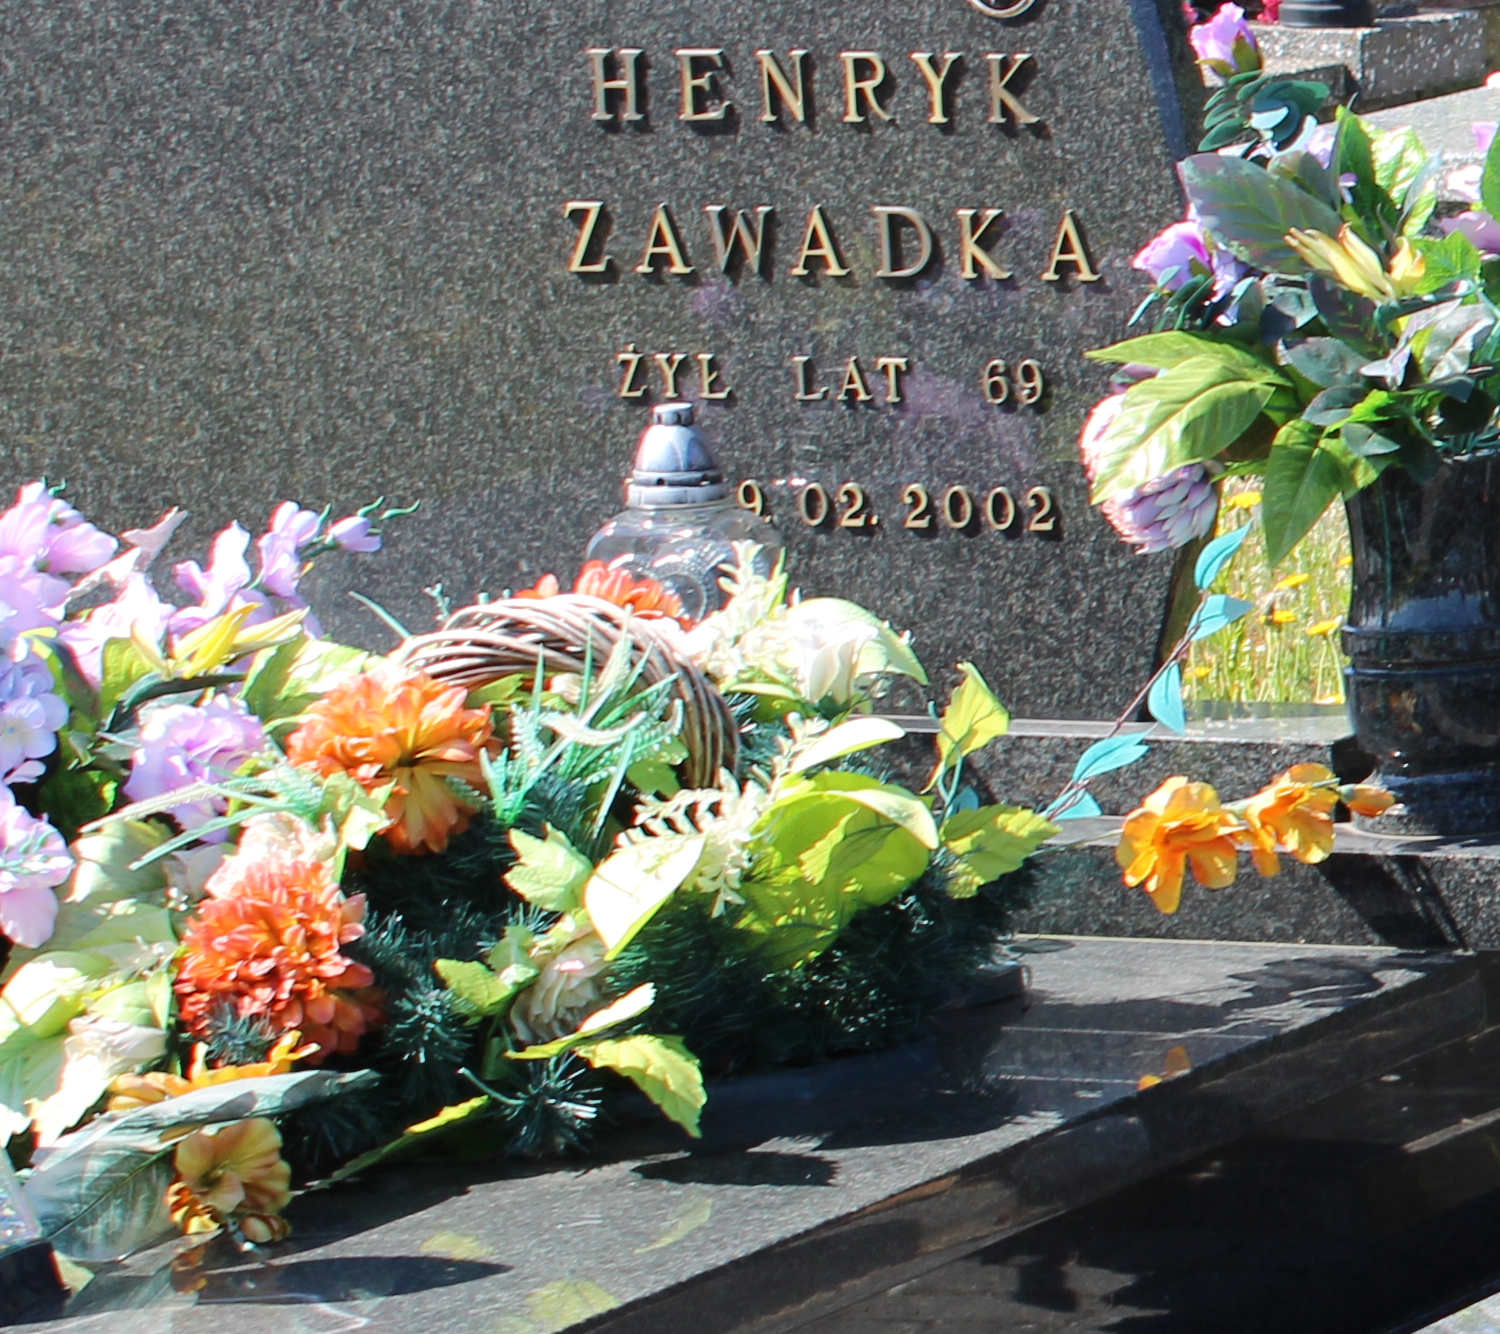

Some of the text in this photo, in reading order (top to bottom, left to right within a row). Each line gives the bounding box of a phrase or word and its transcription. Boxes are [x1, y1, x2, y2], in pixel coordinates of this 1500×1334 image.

[586, 47, 1041, 126] HENRYK
[563, 200, 1101, 283] ZAWADKA
[616, 343, 1044, 405] ŻYŁ LAT 69
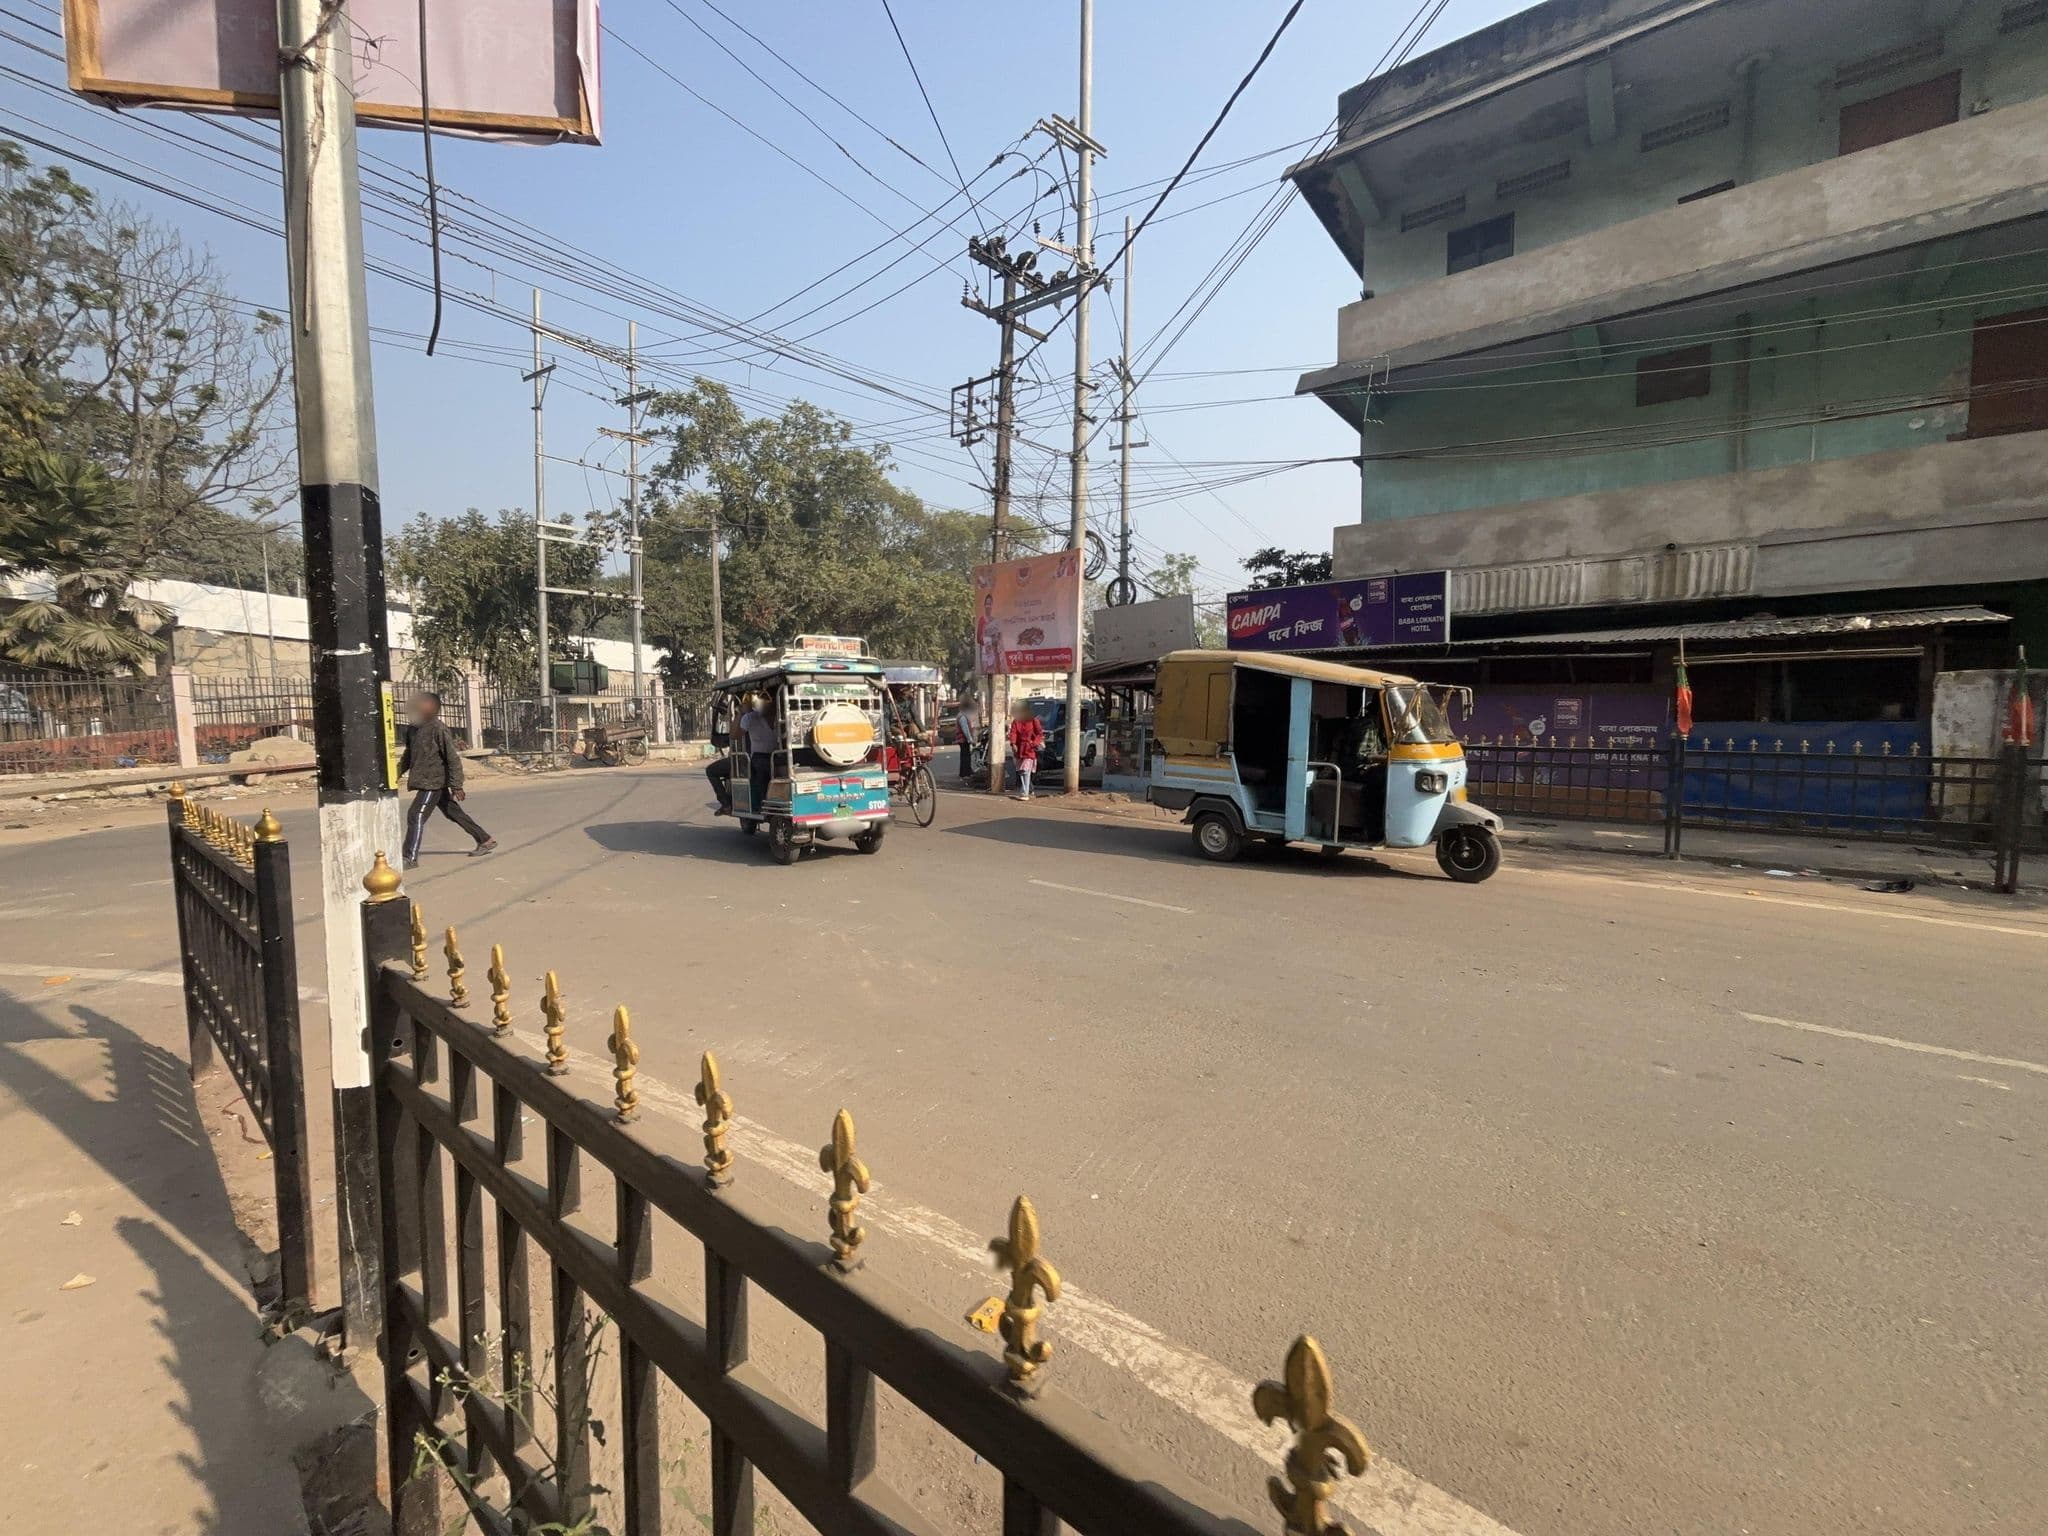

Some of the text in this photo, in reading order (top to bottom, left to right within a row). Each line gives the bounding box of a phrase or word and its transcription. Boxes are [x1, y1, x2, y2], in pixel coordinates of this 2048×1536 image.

[1232, 603, 1281, 631] CAMPA
[1398, 615, 1445, 625] BABA LOKNATH
[868, 800, 887, 810] STOP

====================

What needs to be done:
Please give back only the lines starting with the one that contains "this 2048×1536 image." and ending with the last line of the listing, retyped exactly.

Written solution:
Some of the text in this photo, in reading order (top to bottom, left to right within a row). Each line gives the bounding box of a phrase or word and its transcription. Boxes are [x1, y1, x2, y2], in pixel coordinates of this 2048×1536 image.

[1232, 603, 1281, 631] CAMPA
[1398, 615, 1445, 625] BABA LOKNATH
[868, 800, 887, 810] STOP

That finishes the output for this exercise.